### Your instructions
Below are some records: retype them all exactly, but not the pictures.

BEGIN Materials provided

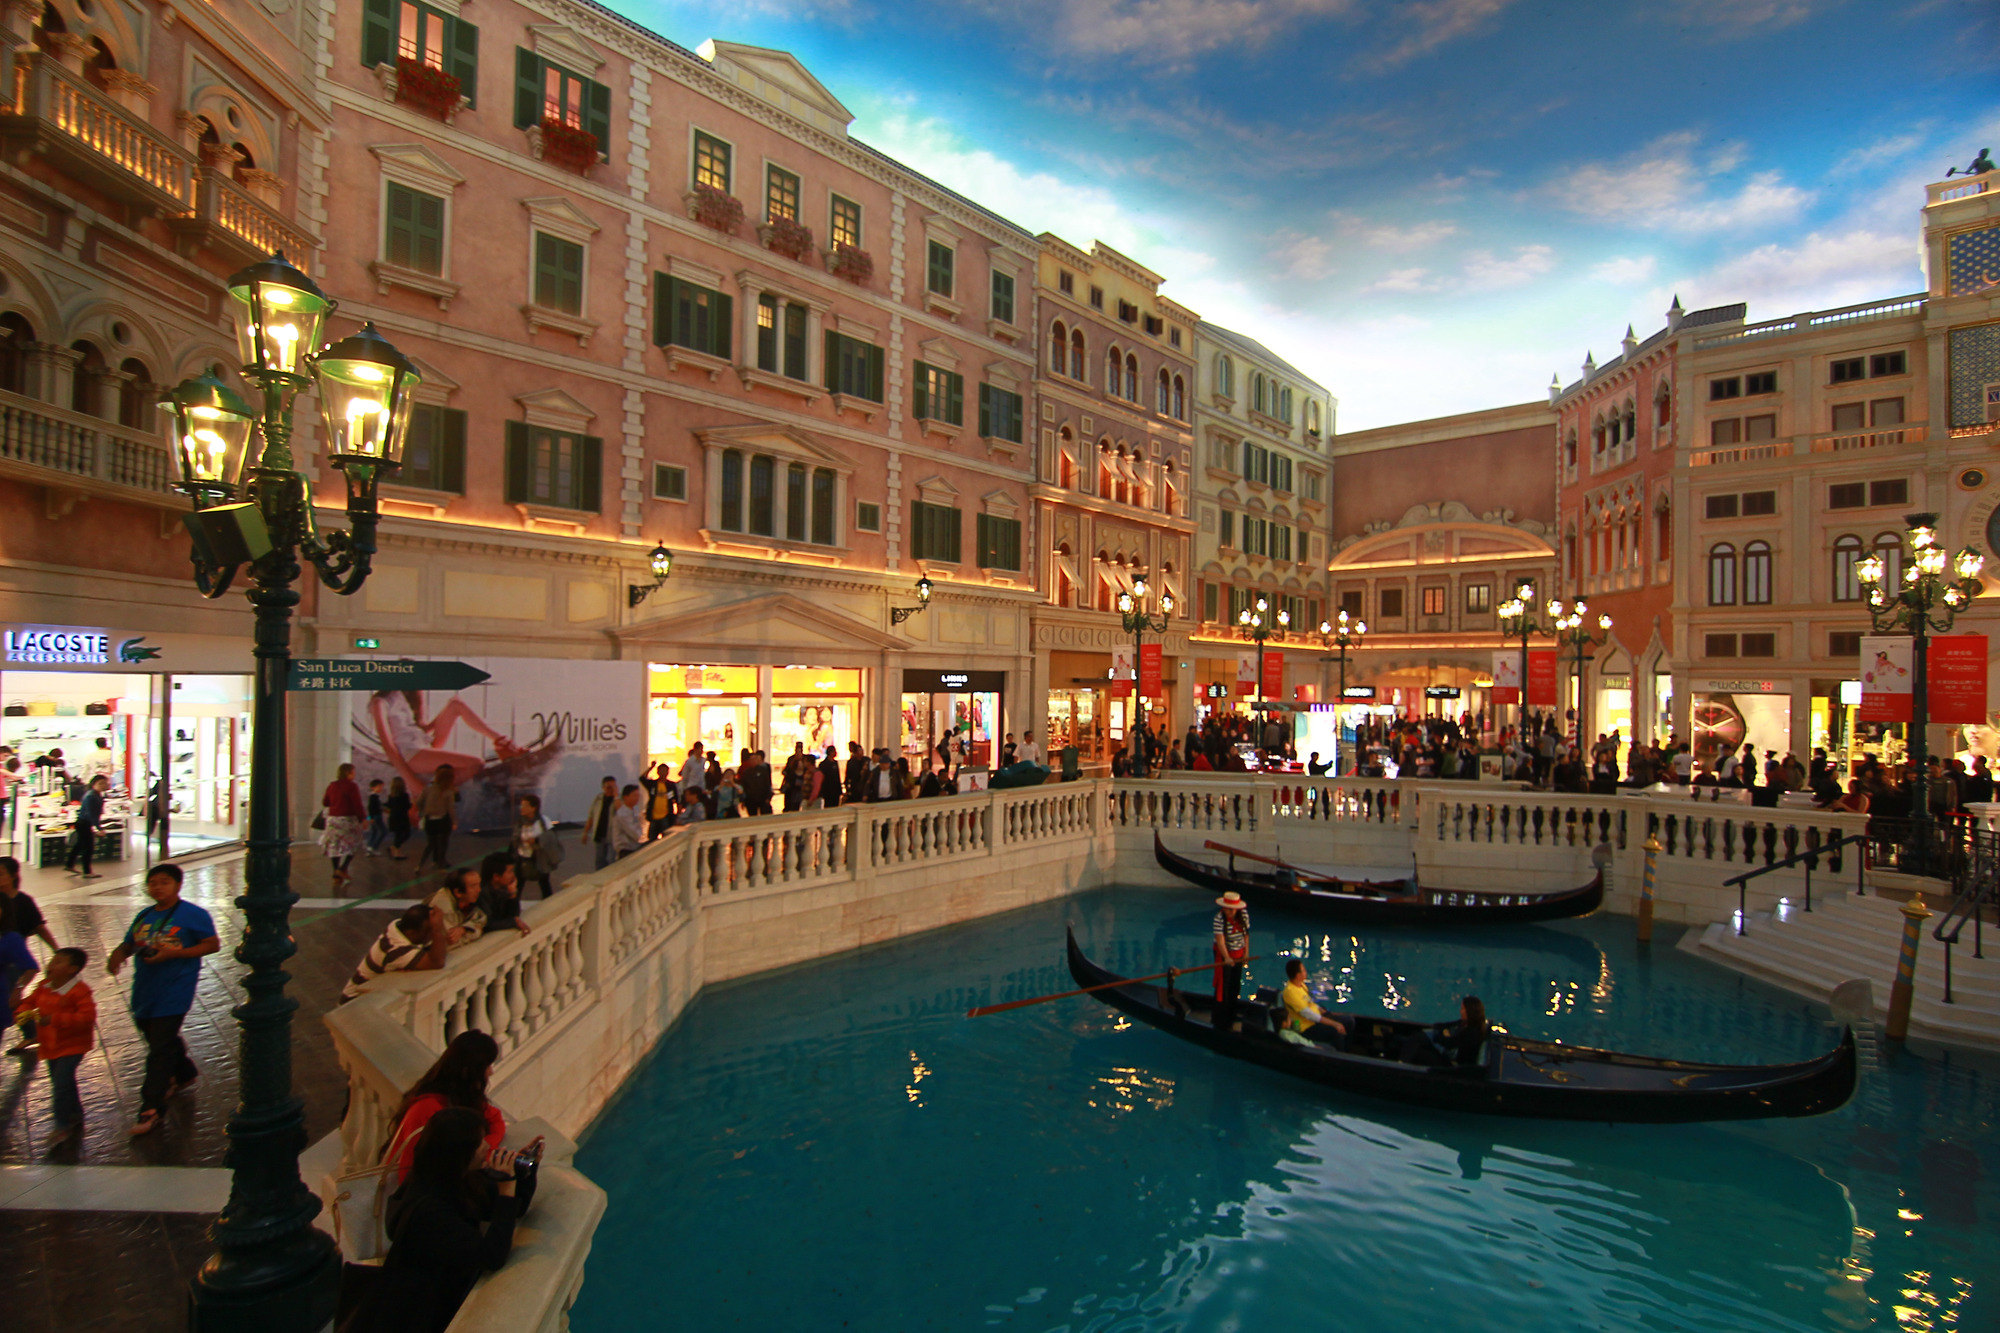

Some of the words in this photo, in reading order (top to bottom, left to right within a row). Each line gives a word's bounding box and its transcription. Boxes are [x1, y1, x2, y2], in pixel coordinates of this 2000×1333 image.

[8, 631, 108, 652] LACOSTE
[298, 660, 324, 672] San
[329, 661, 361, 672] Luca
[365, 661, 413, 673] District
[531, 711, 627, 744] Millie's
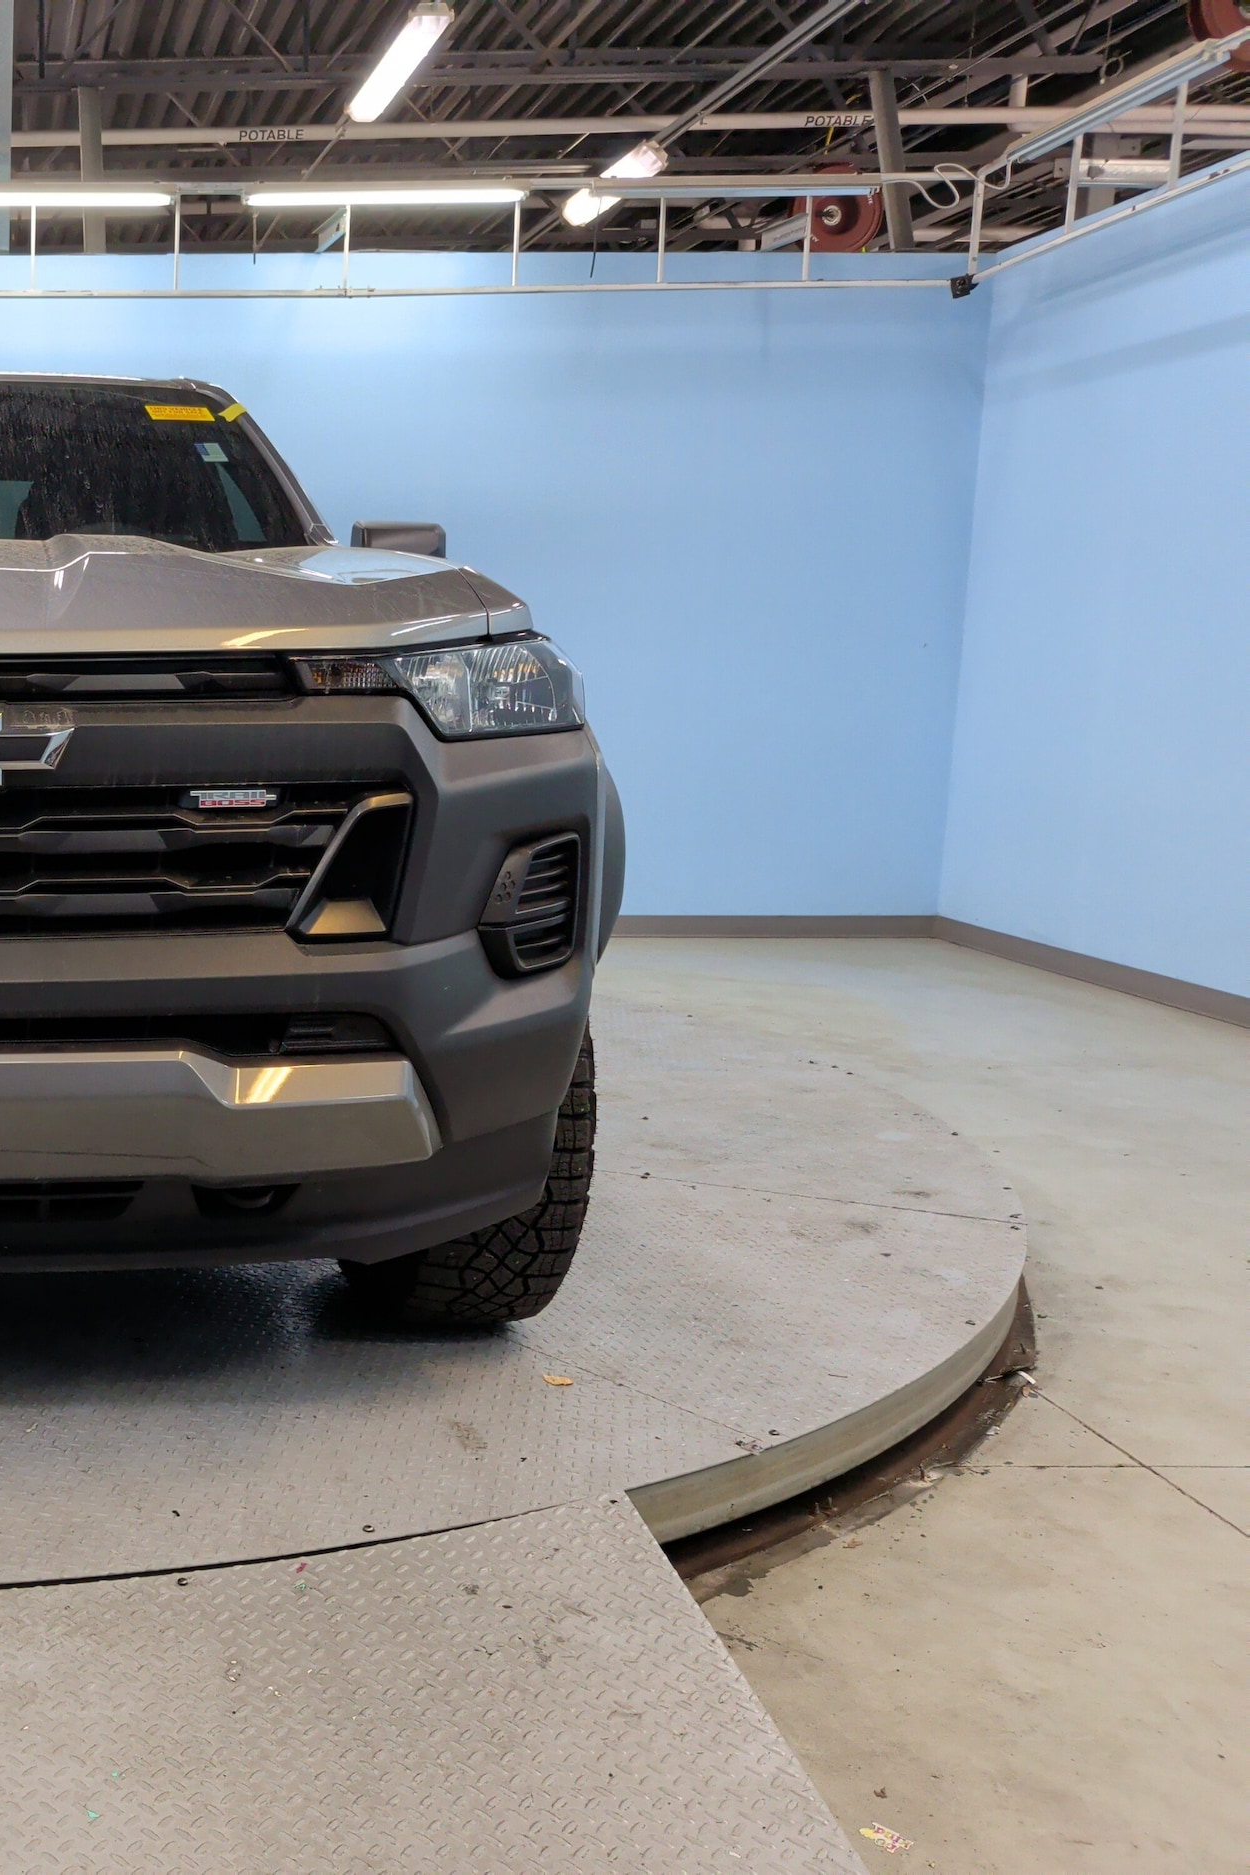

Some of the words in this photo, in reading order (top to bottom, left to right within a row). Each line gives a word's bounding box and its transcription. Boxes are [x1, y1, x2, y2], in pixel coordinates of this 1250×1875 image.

END Materials provided

### Written reply
Some of the words in this photo, in reading order (top to bottom, left to right within a row). Each line gives a word's bounding box and its transcription. Boxes are [x1, y1, x2, y2], in pixel coordinates of this 2000×1333 image.

[8, 631, 108, 652] LACOSTE
[298, 660, 324, 672] San
[329, 661, 361, 672] Luca
[365, 661, 413, 673] District
[531, 711, 627, 744] Millie's

Some of the words in this photo, in reading order (top to bottom, left to right within a row). Each line gives a word's bounding box and its transcription. Boxes are [x1, y1, x2, y2], in pixel coordinates of this 1250×1875 image.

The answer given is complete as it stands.